== Task requirements ==
Copy each record below exactly, please, and leave its pictures out.

== Entries supplied ==

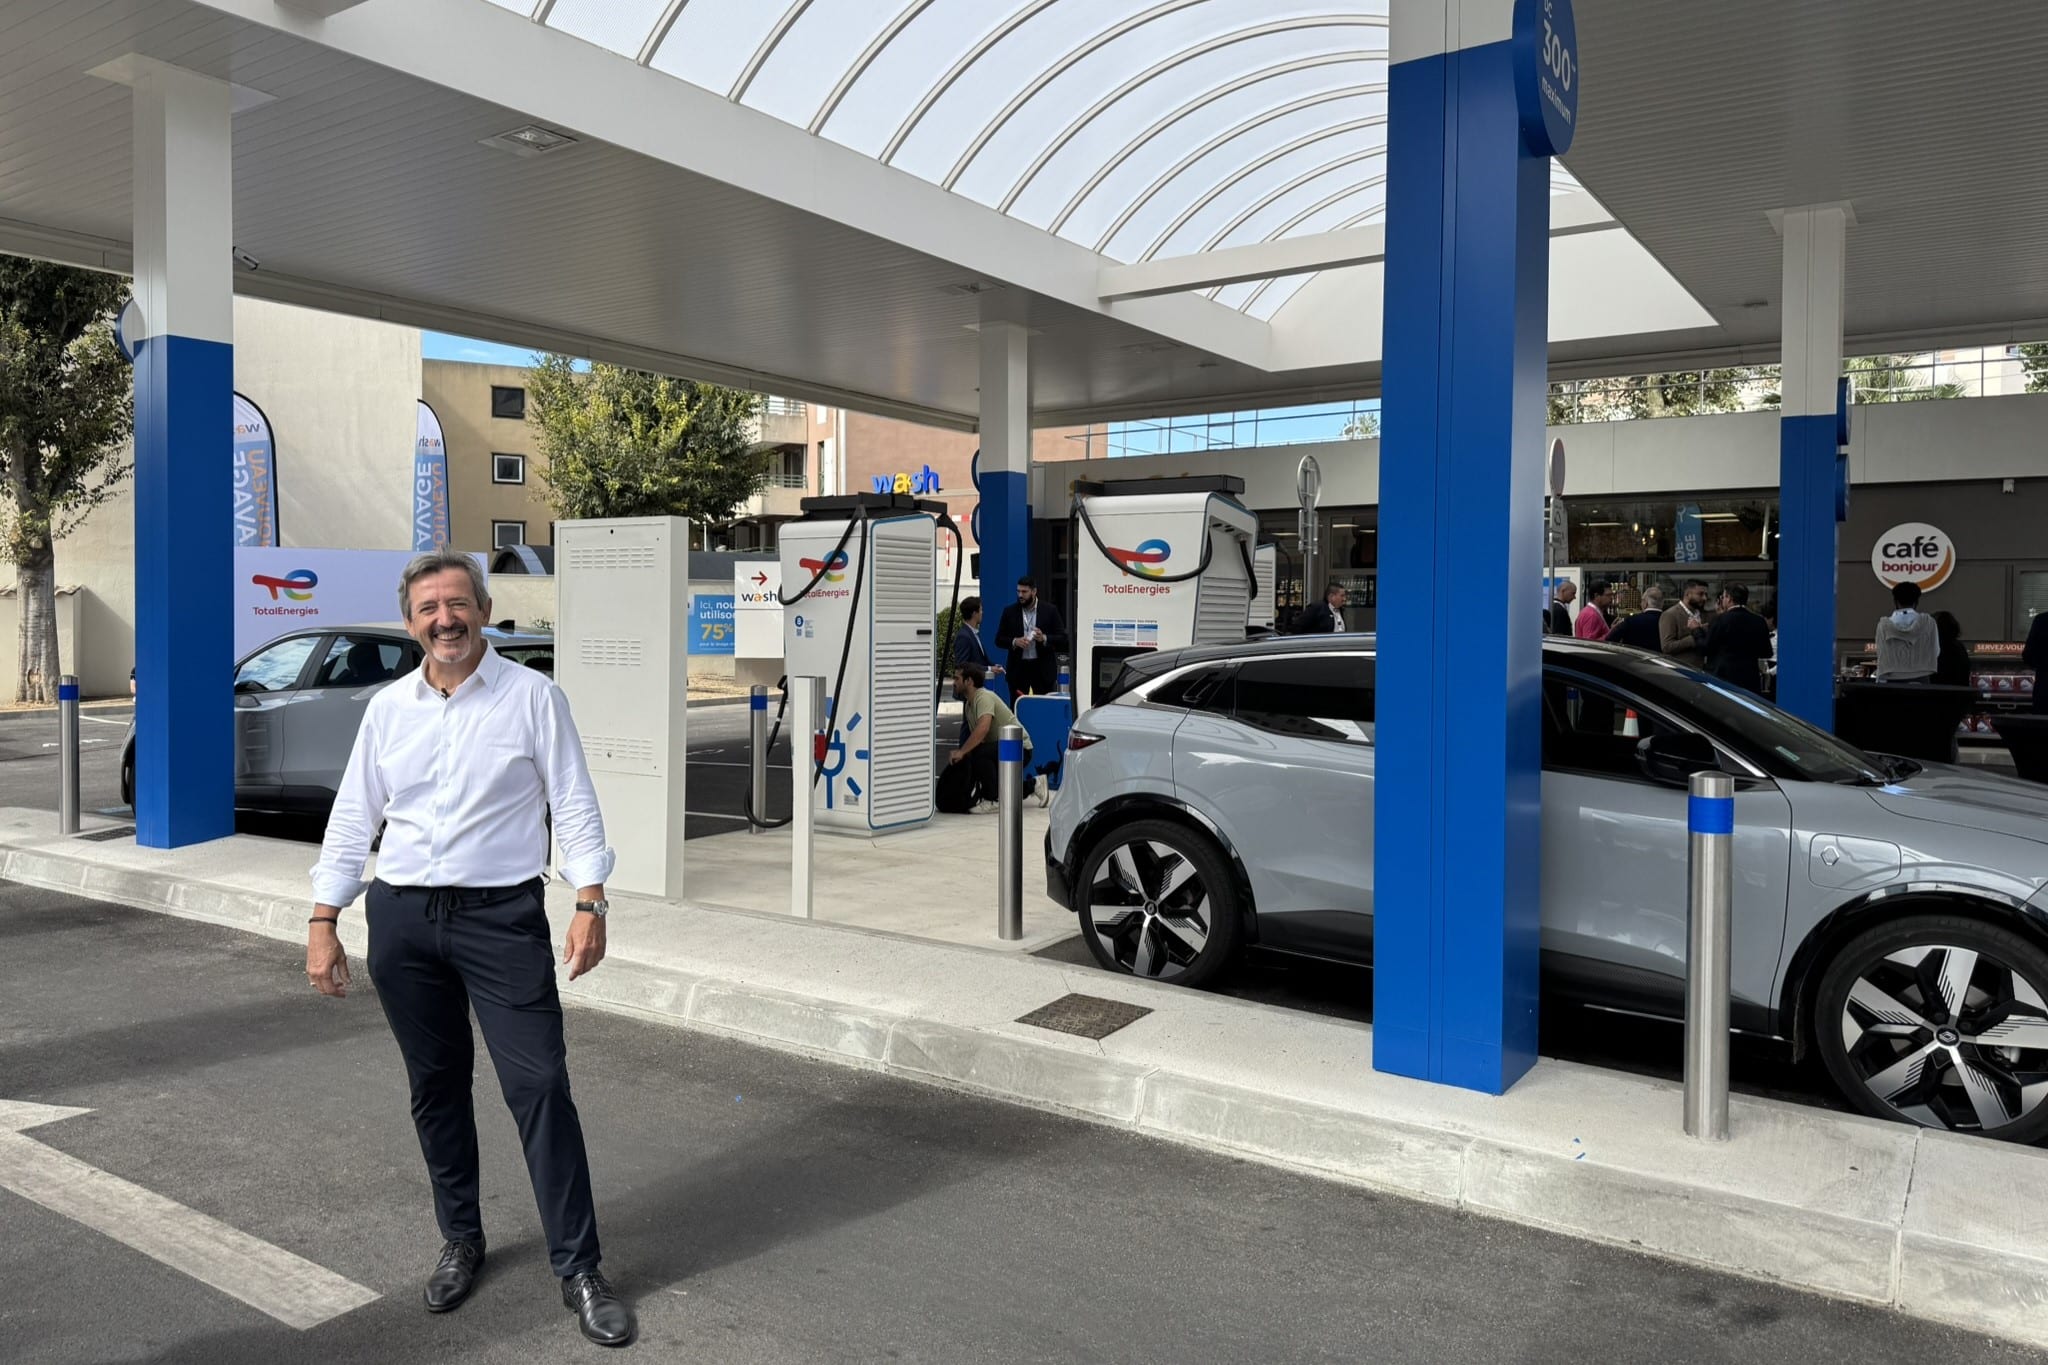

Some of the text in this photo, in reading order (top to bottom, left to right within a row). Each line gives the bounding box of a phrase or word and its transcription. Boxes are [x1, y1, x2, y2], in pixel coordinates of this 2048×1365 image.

[1543, 18, 1571, 92] 300
[1541, 75, 1571, 126] maximum
[872, 464, 939, 495] wash
[1882, 535, 1939, 558] café
[1881, 560, 1939, 575] bonjour
[741, 590, 777, 602] wash
[804, 587, 850, 599] talEnergies
[1103, 583, 1171, 596] TotalEnergies
[252, 606, 319, 617] TotalEnergies
[716, 601, 735, 609] nou
[700, 609, 735, 620] utiliso
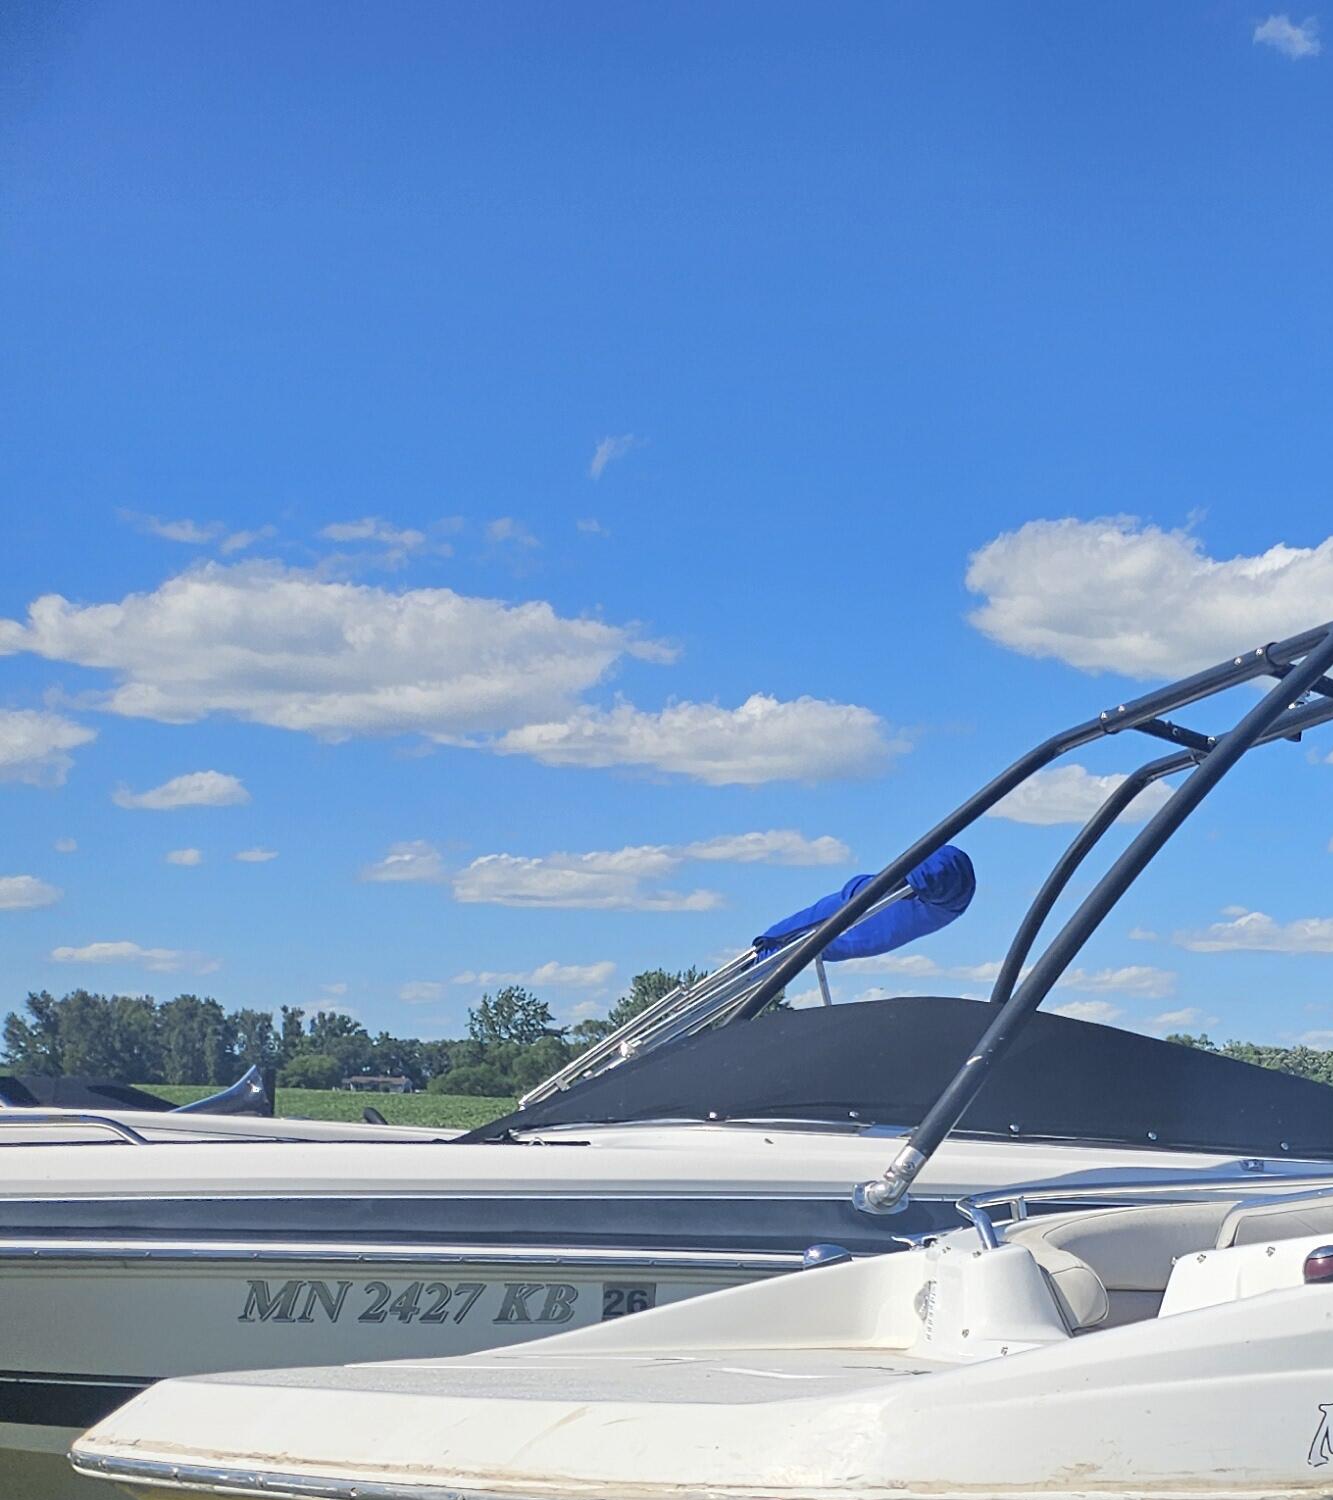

== Exercise output ==
Some of the text in this photo, in reading order (top to bottom, left to right within a row). Each line gives the bounding box of a phrase or word and its transcription. Boxes are [x1, y1, x2, y2], in pixel coordinates of this 2048×1365 image.

[1543, 18, 1571, 92] 300
[1541, 75, 1571, 126] maximum
[872, 464, 939, 495] wash
[1882, 535, 1939, 558] café
[1881, 560, 1939, 575] bonjour
[741, 590, 777, 602] wash
[804, 587, 850, 599] talEnergies
[1103, 583, 1171, 596] TotalEnergies
[252, 606, 319, 617] TotalEnergies
[716, 601, 735, 609] nou
[700, 609, 735, 620] utiliso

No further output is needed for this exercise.